## About this exercise
All entries are to be transcribed exactly. Pictures are not part of the copy.
○ ○ ○ ○
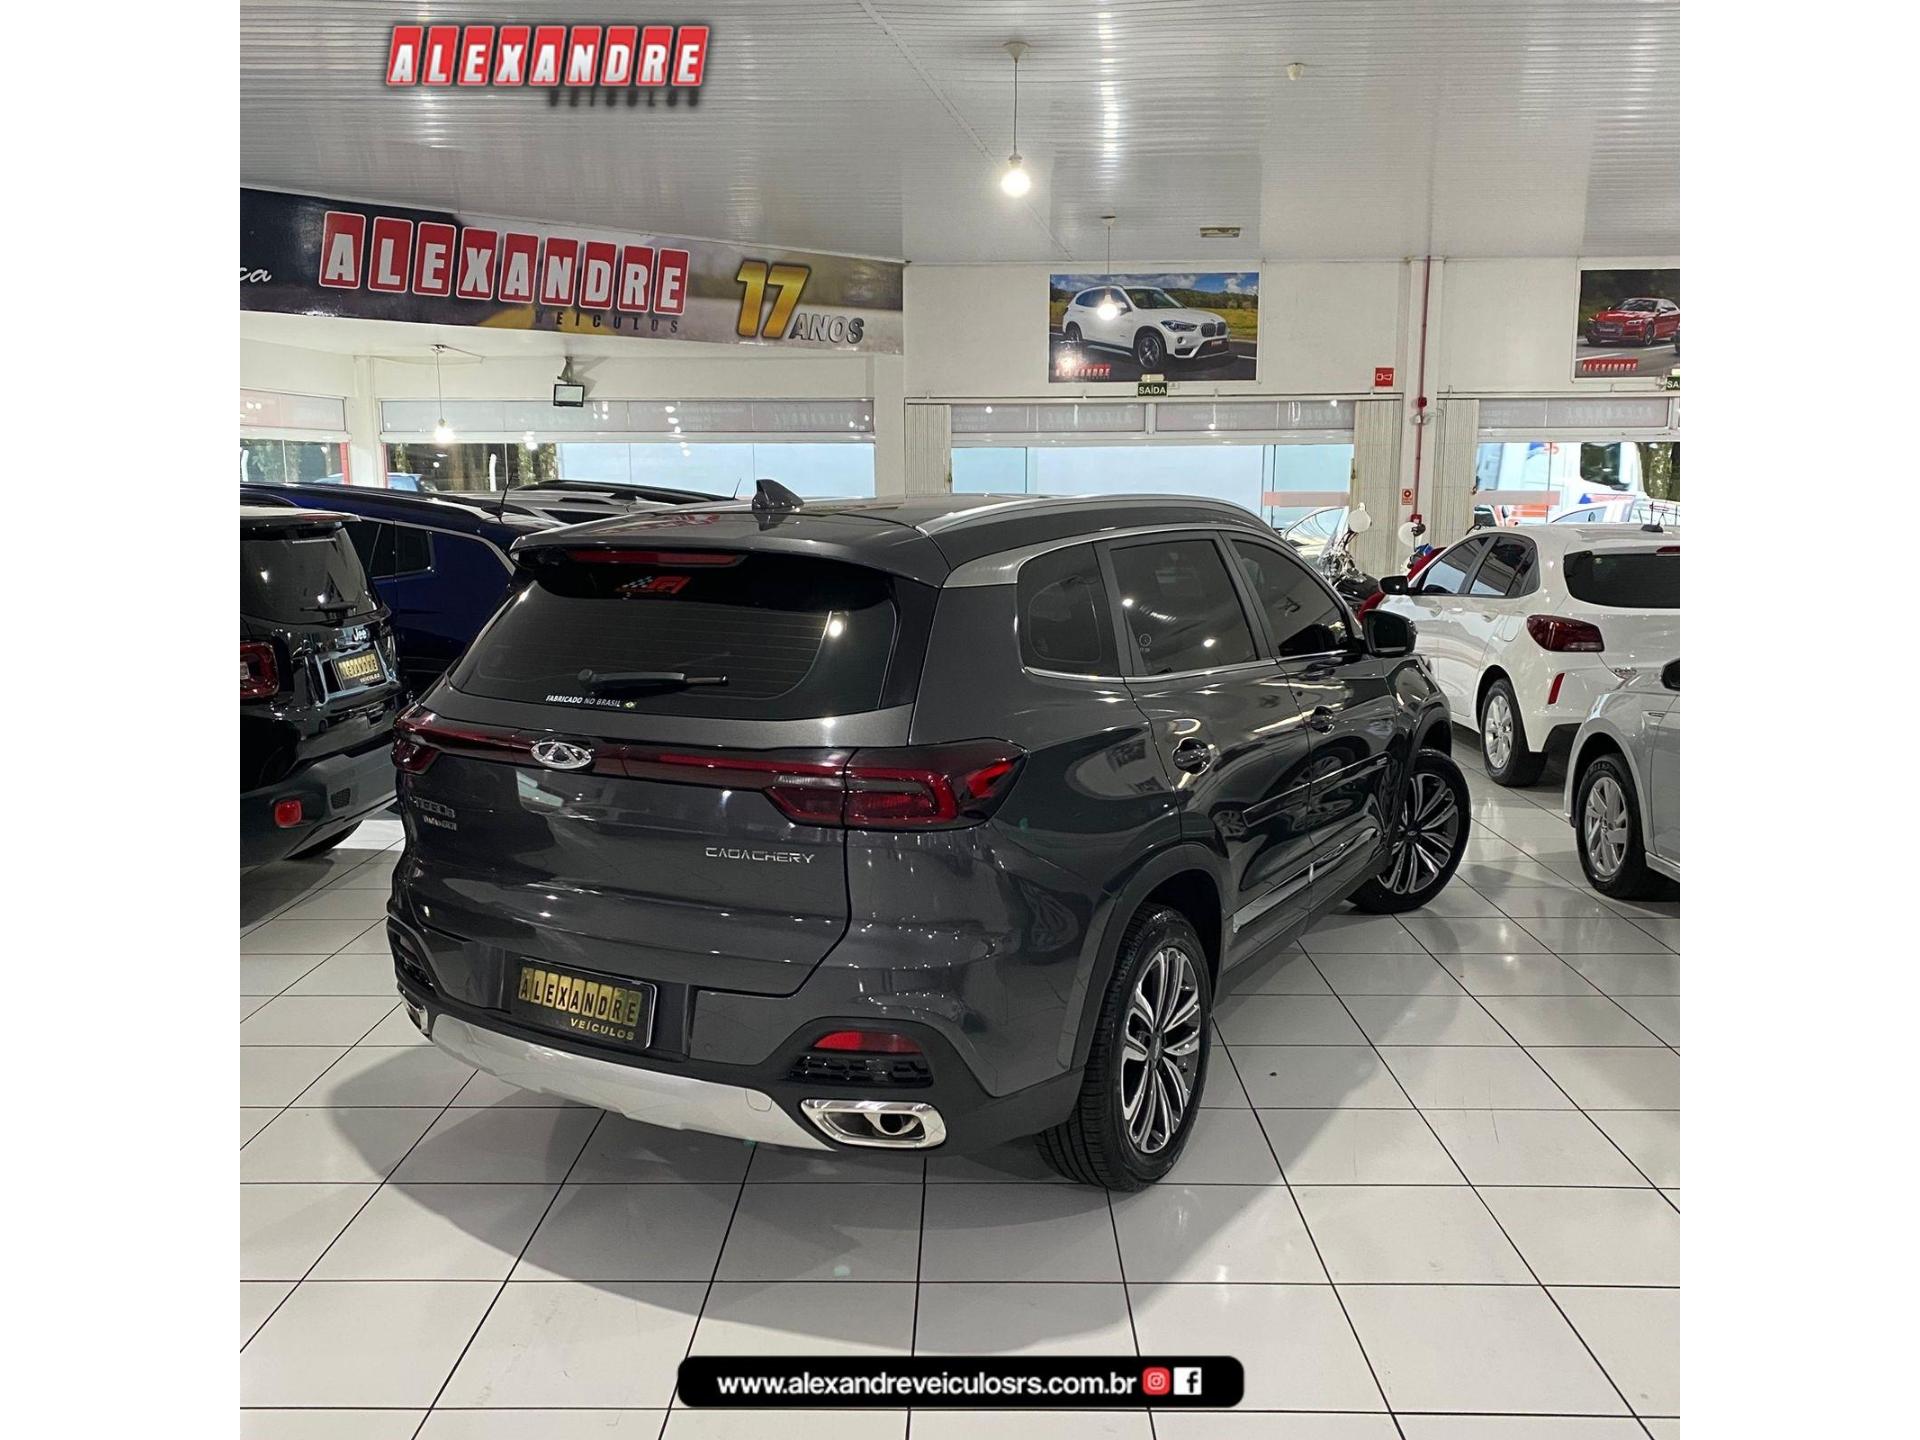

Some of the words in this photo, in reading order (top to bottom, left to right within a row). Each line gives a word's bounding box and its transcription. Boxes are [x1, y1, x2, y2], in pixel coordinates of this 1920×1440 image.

[324, 229, 683, 310] ALEXANDRE
[736, 260, 812, 339] 17
[790, 313, 865, 344] ANOS
[545, 694, 583, 704] FABRICADO
[584, 697, 595, 705] NO
[596, 698, 620, 707] BRASIL
[520, 973, 639, 1025] ALEXANDRE
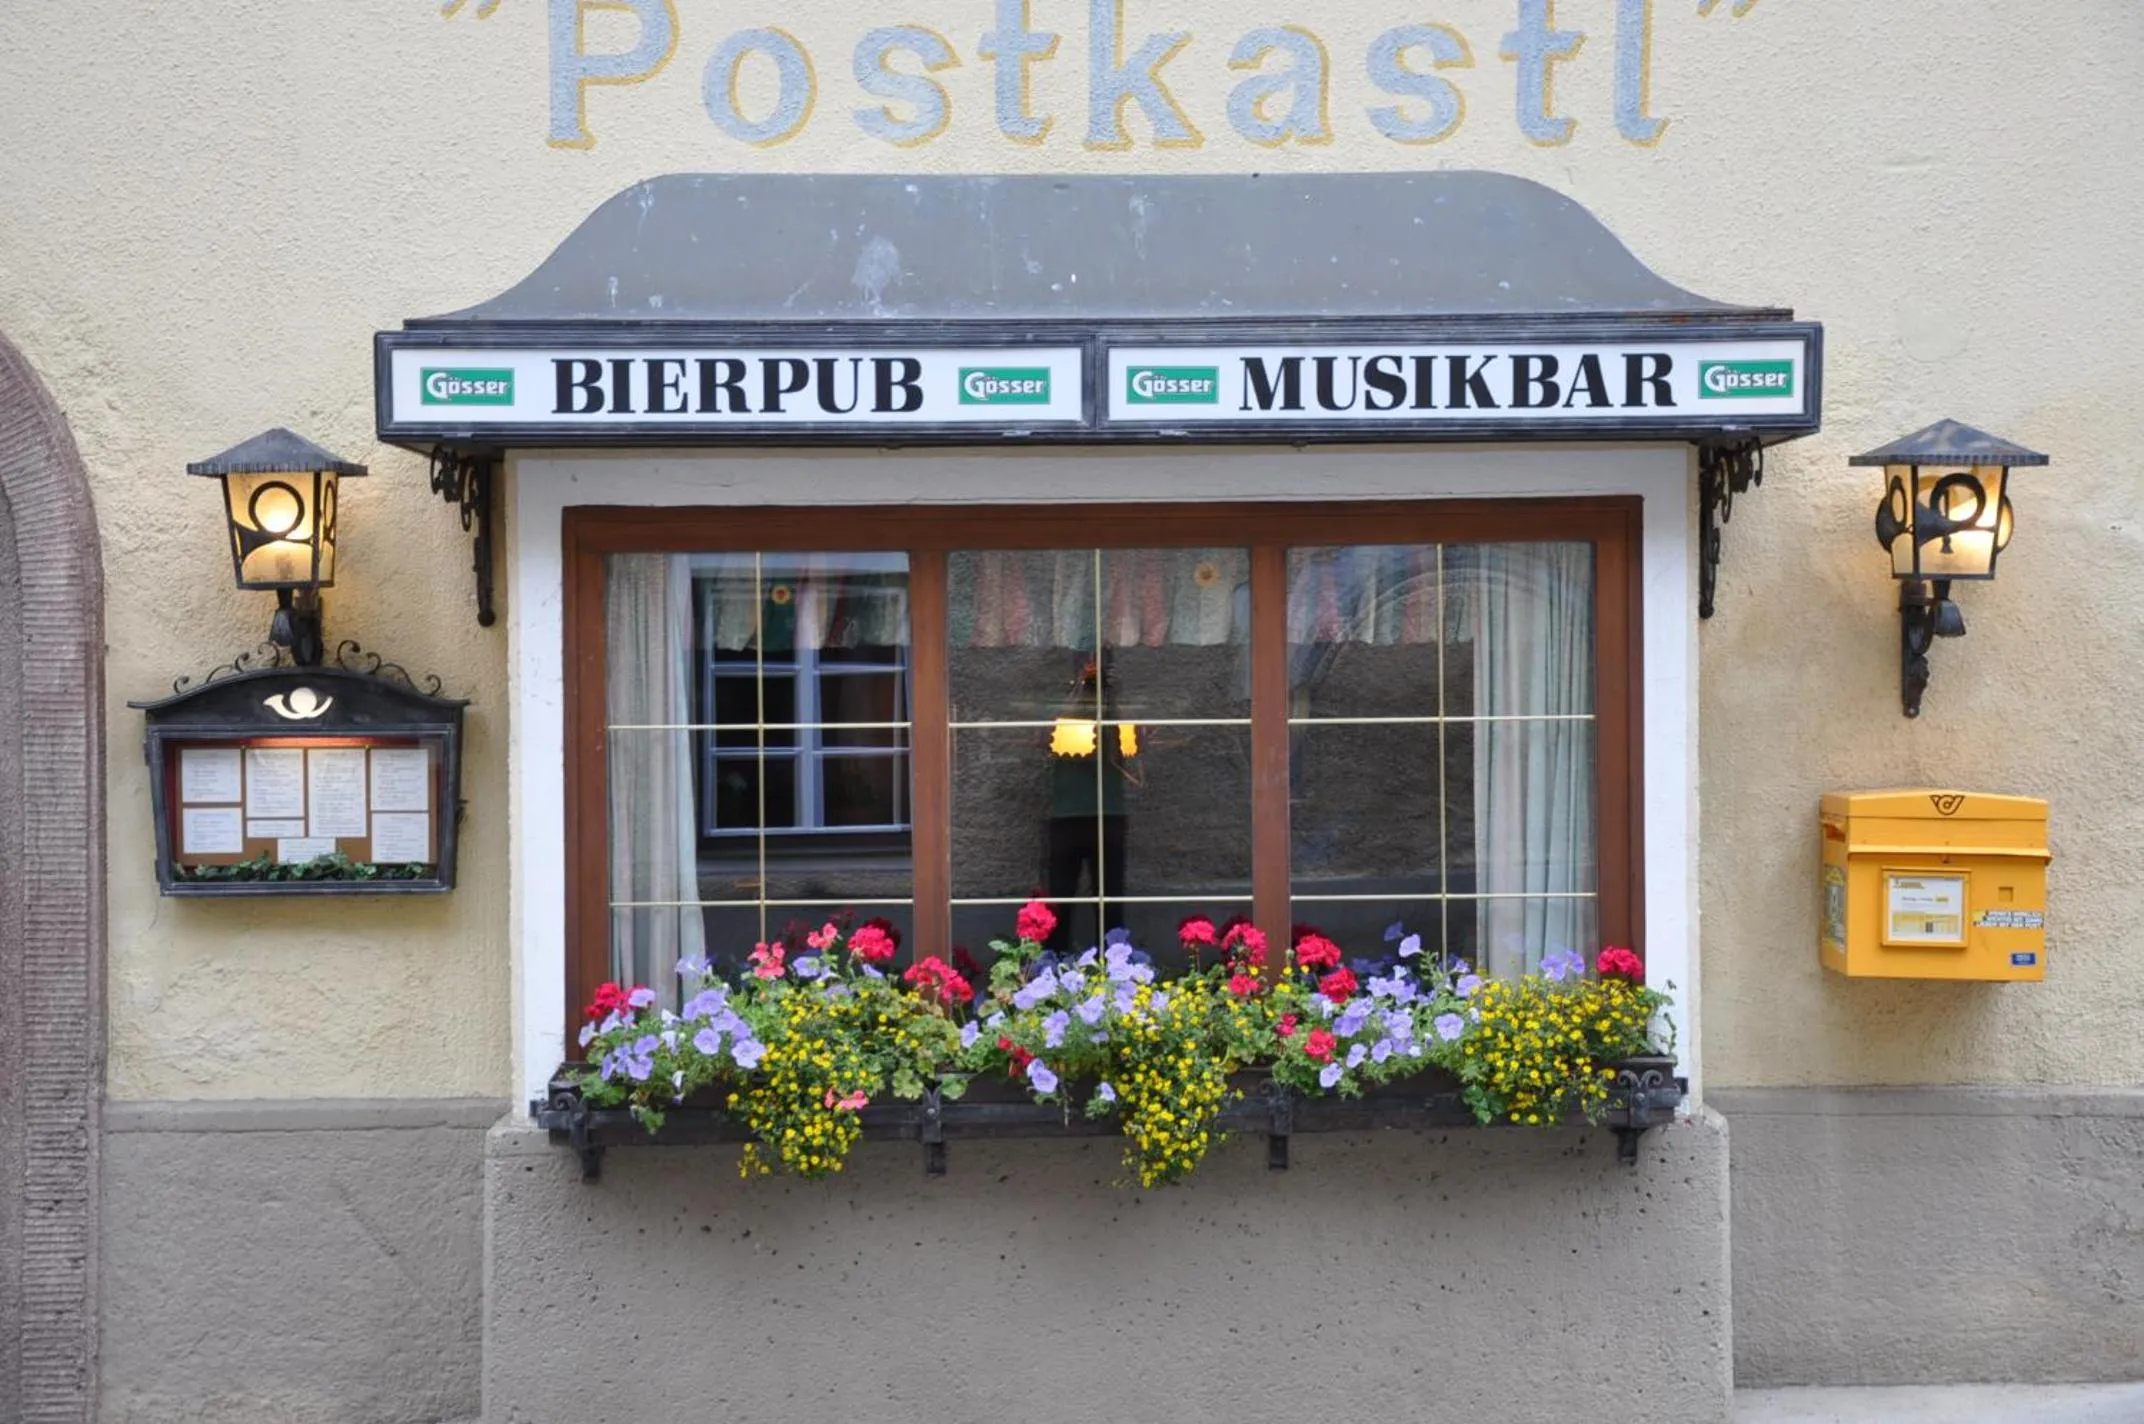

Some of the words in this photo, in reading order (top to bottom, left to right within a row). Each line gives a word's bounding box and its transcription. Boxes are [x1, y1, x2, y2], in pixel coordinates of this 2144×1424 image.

[426, 372, 509, 399] Gösser
[551, 357, 924, 414] BIERPUB
[964, 371, 1046, 399] Gösser
[1132, 371, 1214, 397] Gösser
[1239, 352, 1677, 412] MUSIKBAR
[1704, 365, 1788, 392] Gösser
○ ○ ○ ○
## Written answer
Some of the words in this photo, in reading order (top to bottom, left to right within a row). Each line gives a word's bounding box and its transcription. Boxes are [x1, y1, x2, y2], in pixel coordinates of this 1920×1440 image.

[324, 229, 683, 310] ALEXANDRE
[736, 260, 812, 339] 17
[790, 313, 865, 344] ANOS
[545, 694, 583, 704] FABRICADO
[584, 697, 595, 705] NO
[596, 698, 620, 707] BRASIL
[520, 973, 639, 1025] ALEXANDRE

Some of the words in this photo, in reading order (top to bottom, left to right within a row). Each line gives a word's bounding box and its transcription. Boxes are [x1, y1, x2, y2], in pixel coordinates of this 2144×1424 image.

[426, 372, 509, 399] Gösser
[551, 357, 924, 414] BIERPUB
[964, 371, 1046, 399] Gösser
[1132, 371, 1214, 397] Gösser
[1239, 352, 1677, 412] MUSIKBAR
[1704, 365, 1788, 392] Gösser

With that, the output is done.